The Baidu product testing pipeline is serial and lacks trimming, which makes early defect detection crucial; SA can complement existing tests by identifying anomalies at the code level before costly re‑runs.
Among available tools, cppcheck was selected over commercial options like Coverity and Clang Static Analyzer because it is open‑source, easily extensible, and does not require full compilation, making it suitable for large codebases.
Cppcheck processes source files through a simplecpp preprocessor, tokenizes the code, builds a SymbolDatabase, and provides utilities such as Token::Match and a data‑flow engine for value analysis.

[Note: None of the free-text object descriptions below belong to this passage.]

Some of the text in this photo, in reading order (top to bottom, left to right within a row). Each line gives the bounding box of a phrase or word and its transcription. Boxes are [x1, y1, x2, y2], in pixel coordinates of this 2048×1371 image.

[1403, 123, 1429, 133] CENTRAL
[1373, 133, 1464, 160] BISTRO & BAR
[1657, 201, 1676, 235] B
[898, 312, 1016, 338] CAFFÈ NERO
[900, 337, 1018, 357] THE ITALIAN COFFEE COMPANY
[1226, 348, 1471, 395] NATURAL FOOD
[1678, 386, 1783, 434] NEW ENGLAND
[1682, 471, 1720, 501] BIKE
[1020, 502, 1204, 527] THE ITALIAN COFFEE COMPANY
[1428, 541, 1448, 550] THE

Custom rule development follows a pattern: for file‑level checks, override runChecks or runSimplifiedChecks ; for whole‑program analysis, override getFileInfo and analyseWholeProgram , similar to a Map‑Reduce approach.
Example 1 implements a rule that detects misuse of bsl::string::appendf (e.g., calling appendf(title) without a format specifier). The rule scans each function scope, matches the target function call, extracts the format string, checks for format specifiers like %s , and reports a bug when parameters are missing. Sample code:
#include <stdio.h> int main() { char p[100]; p[0] = 0; snprintf(p, 10, "%s aa"); }
During implementation, several cppcheck quirks were discovered: namespace handling can overwrite earlier declarations, child namespaces may not inherit parent symbols, and data‑flow analysis may skip loop bodies.
Example 2 targets incorrect usage of the DYNC_ dynamic switch, which can cause uninitialized variables and crashes when a switch changes state after initialization. Because cppcheck does not compile the code, a full function‑call graph is built manually by traversing class hierarchies and token streams, flagging any DYNC_ token encountered.
The deployed rules have identified over 20 core‑risk bugs in printf‑related functions and more than 20 issues with dynamic switches, demonstrating that static analysis can catch bugs that manual code review often misses.
Future work includes adding rules for sort misuse and array‑bounds checking, with detailed rule specifications and implementations available at the provided internal URL.